Hal ini jelas terlihat dalam relasi karakter Nam Do San. Dia bisa dibilang paket lengkap sosok cowok geek yang jatuh cinta pada komputer, dingin, kaku, dan tidak menyadari ketampanannya.
Dalam satu episode, ayahnya bercerita bahwa Do San adalah anak jenius yang tidak punya ambisi, bahkan dijuluki Living Buddha.
Dosan memenangkan Olimpiade Matematika, tetapi ia kemudian memberiakn medali emasnya ke anak lain dan mengatakan bahwa dirinya lebih menikmati rasa kalah.
Saya teringat pada teman saya yang dahulu sering mengikuti Olimpiade Sains, dan bagaimana orang tuanya mengalokasikan tenaga dan materi yang tidak sedikit untuk membekali anak dalam kompetisi tersebut.
Hal itu juga dilakukan orang tua dalam drakor, termasuk orang tua Do San, dan betapa bangganya ketika mereka membuat acara syukuran atas kemenangan putra tunggalnya.
[Baca Juga: 3 Hal Positif yang Bisa Memotivasi Diri dari Drama ‘Start-Up’]
Saya sangat penasaran kenapa Do San yang terlihat hidup dalam kecukupan finansial dan kasih sayang, justru bersikap tidak ambisius di sepanjang kehidupannya.

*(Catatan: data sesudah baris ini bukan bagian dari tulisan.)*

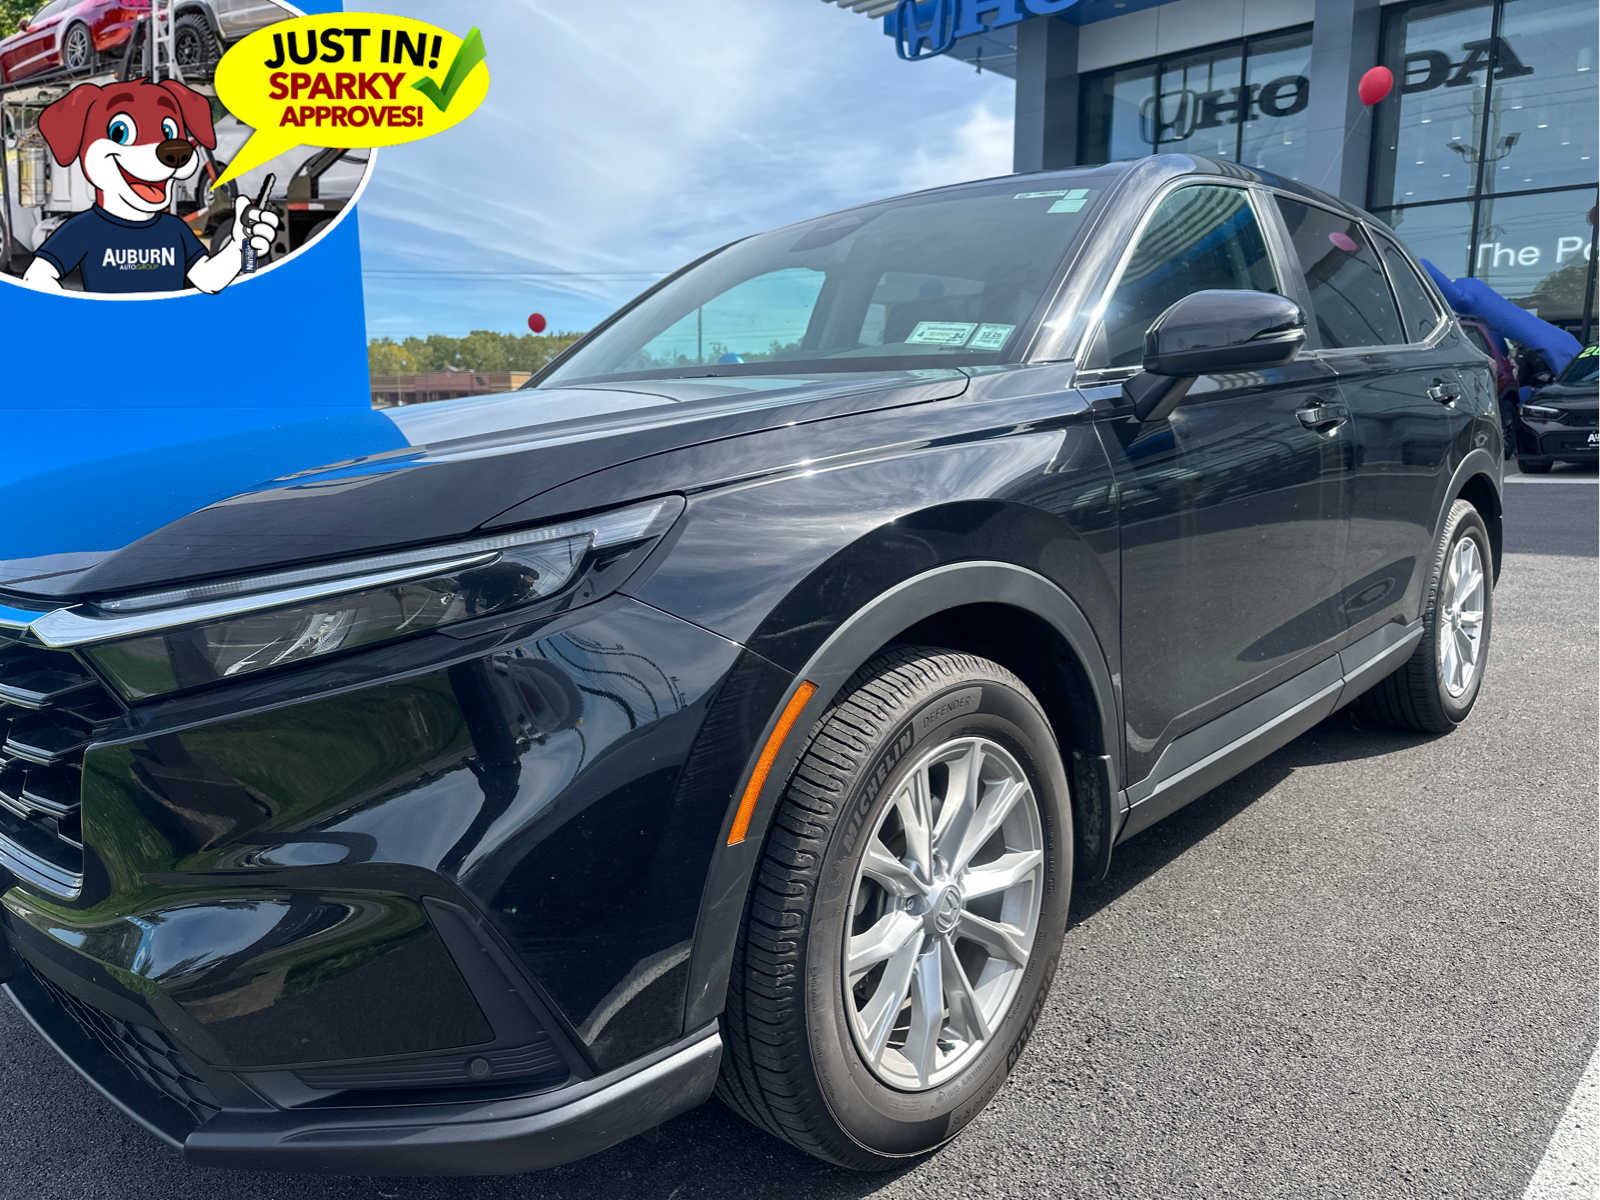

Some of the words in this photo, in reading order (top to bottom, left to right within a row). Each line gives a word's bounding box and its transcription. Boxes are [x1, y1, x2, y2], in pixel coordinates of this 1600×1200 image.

[1467, 241, 1540, 269] The
[922, 695, 972, 729] DEFENDER
[842, 728, 913, 852] MICHELIN
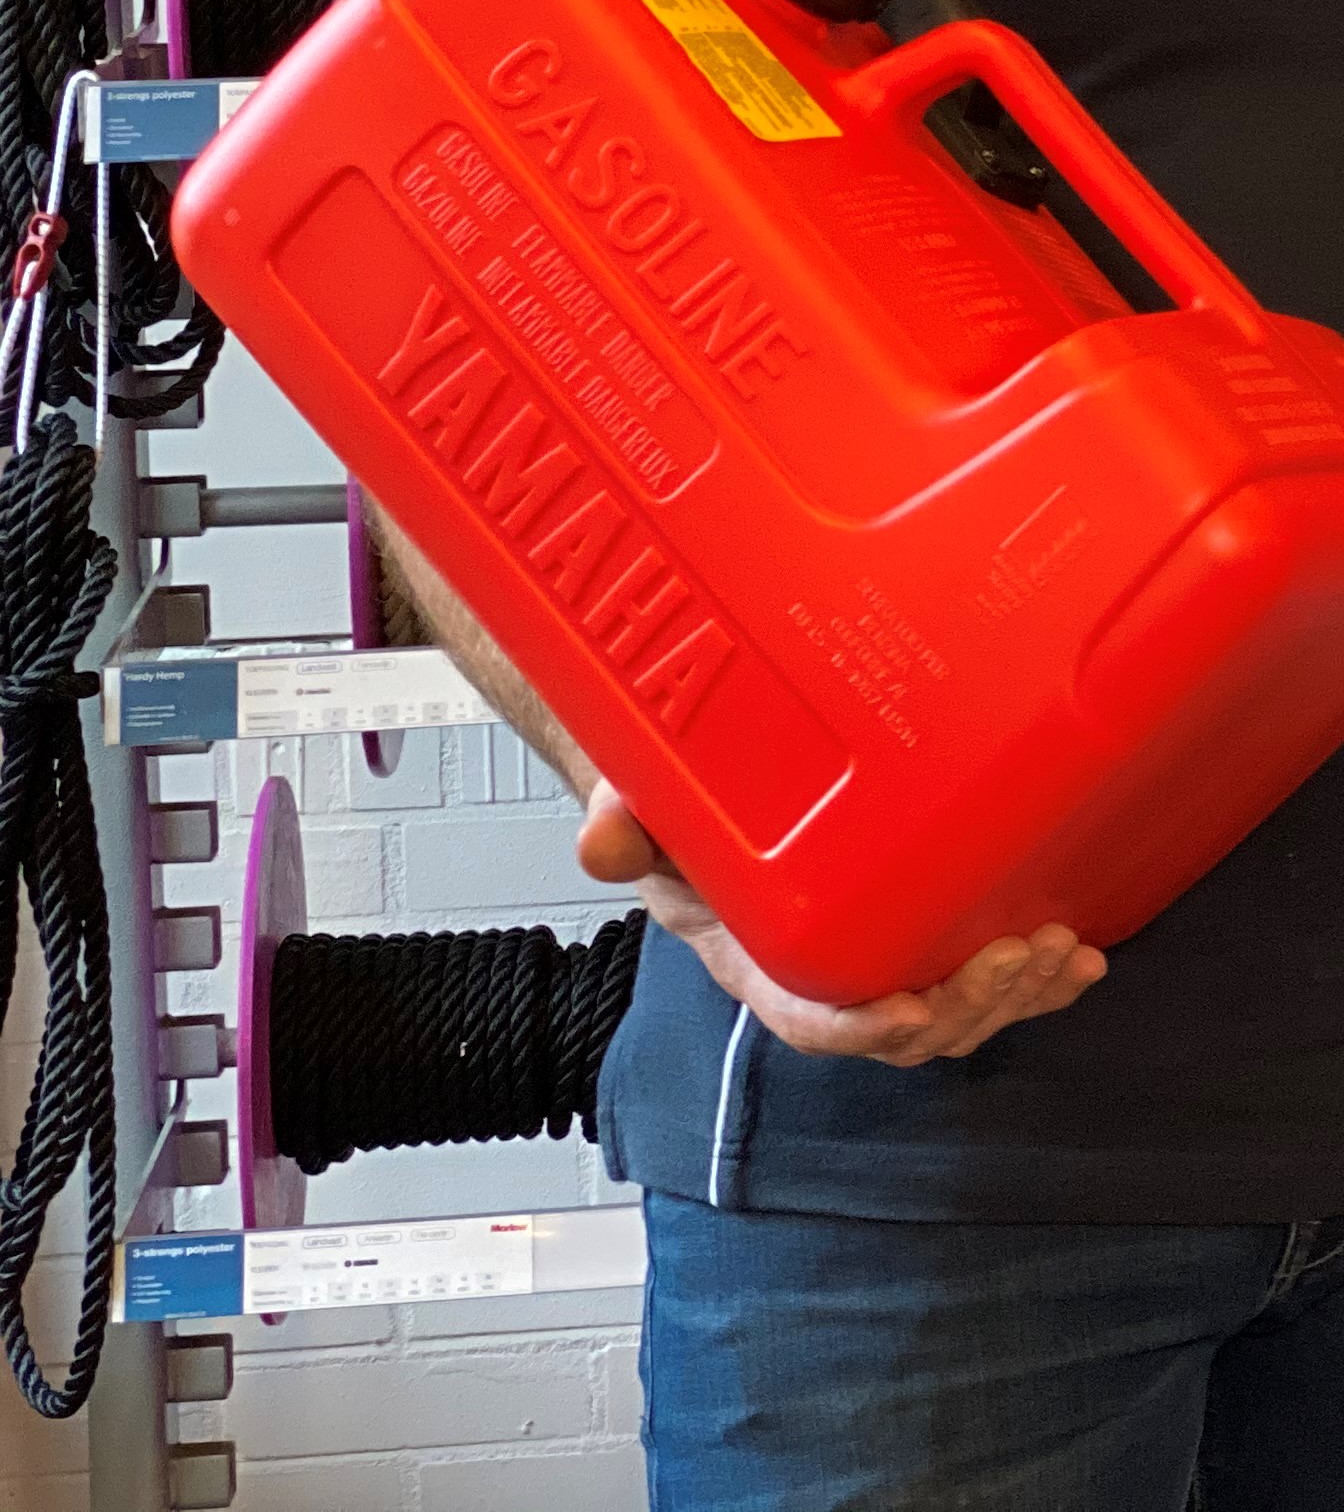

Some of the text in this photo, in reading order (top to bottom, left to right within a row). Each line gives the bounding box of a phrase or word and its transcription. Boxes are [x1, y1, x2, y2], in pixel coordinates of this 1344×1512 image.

[430, 128, 678, 413] GASOLINE FLAMMABLE DANGER
[488, 38, 809, 402] GASOLINE
[473, 254, 595, 386] INFLAMMABLE
[573, 372, 682, 490] DANGEREUX
[376, 283, 736, 732] YAMAHA
[156, 670, 186, 681] Hemp
[185, 1243, 236, 1256] polyester

Do San merasa lelah hidup dalam bayang-bayang untuk selalu tampil menjadi seorang juara, padahal dirinya adalah individu yang payah dan tidak sesuai dengan ekspektasi orang tuanya.

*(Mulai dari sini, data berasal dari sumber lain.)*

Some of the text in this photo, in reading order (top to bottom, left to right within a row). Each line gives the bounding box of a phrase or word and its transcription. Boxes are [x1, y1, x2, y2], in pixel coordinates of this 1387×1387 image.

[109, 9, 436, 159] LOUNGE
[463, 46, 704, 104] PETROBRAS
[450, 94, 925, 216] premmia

Selama bekerja dan mengamati isu perlindungan anak dalam beberapa tahun terakhir, saya melihat bahwa banyak orang yang masa lalunya berada dalam pola asuh penuh tekanan seperti yang dialami Nam Do San.
Contoh lain adalah overcontrolling yang dialami Do San ketika orang tuanya turut menentukan mimpi meraih hadiah Nobel saat dia bertemu dan meminta tanda tangan dari pemain bisbol favoritnya.
Beberapa di antara kita hidup dalam pola asuh demikian atau juga sedang mengimplementasikan kepada anak sendiri.
Kita mungkin terlalu fokus pada kemampuan akademik yang kemudian membawa kita pada pola asuh helikopter.
Kita kemudian melupakan bahwa anak pun perlu mendapatkan penguatan dari segi life skill.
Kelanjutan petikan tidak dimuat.